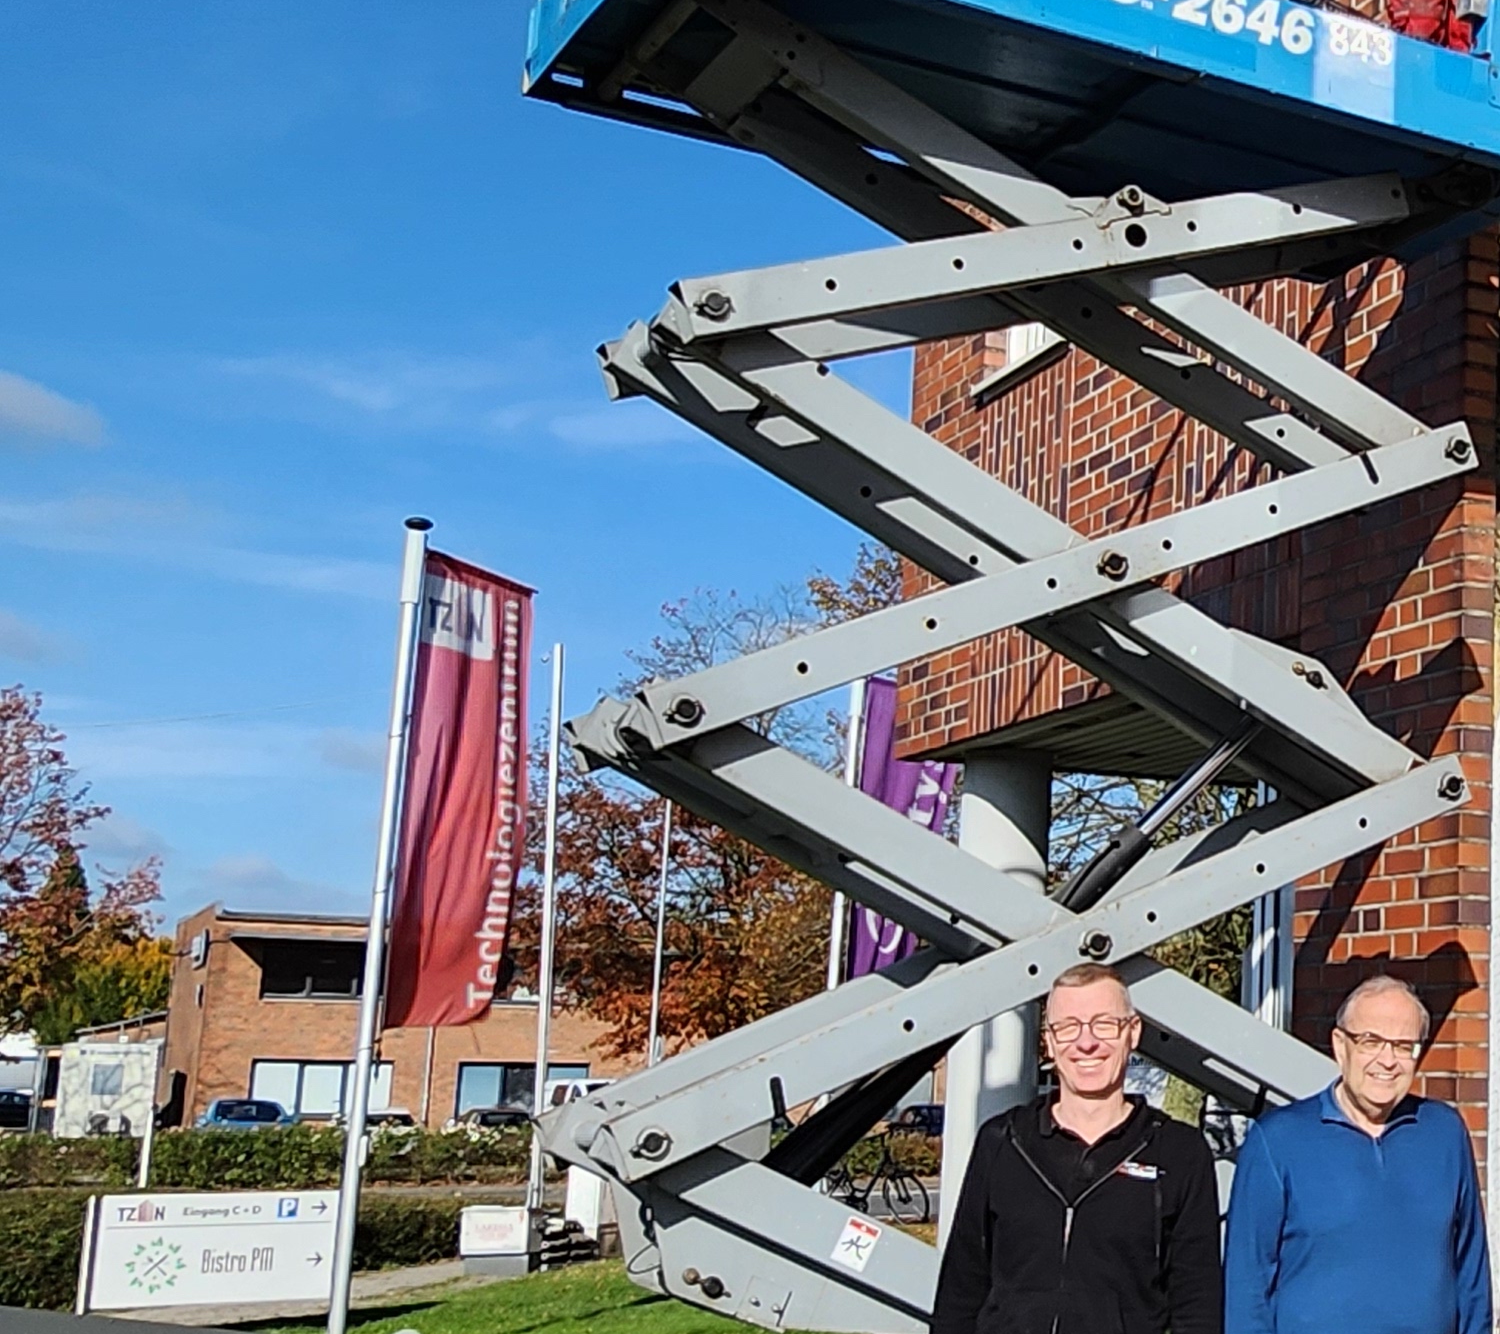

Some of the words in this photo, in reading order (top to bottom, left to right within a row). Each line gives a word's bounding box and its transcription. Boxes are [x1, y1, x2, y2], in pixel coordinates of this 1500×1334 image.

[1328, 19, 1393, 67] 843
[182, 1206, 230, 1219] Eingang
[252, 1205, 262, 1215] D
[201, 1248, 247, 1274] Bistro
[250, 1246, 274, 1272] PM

------------------------------

• What you need to do:
With the pictures set aside, write out the whole listing exactly.

• Exercise solution:
Some of the words in this photo, in reading order (top to bottom, left to right within a row). Each line gives a word's bounding box and its transcription. Boxes are [x1, y1, x2, y2], in pixel coordinates of this 1500×1334 image.

[1328, 19, 1393, 67] 843
[182, 1206, 230, 1219] Eingang
[252, 1205, 262, 1215] D
[201, 1248, 247, 1274] Bistro
[250, 1246, 274, 1272] PM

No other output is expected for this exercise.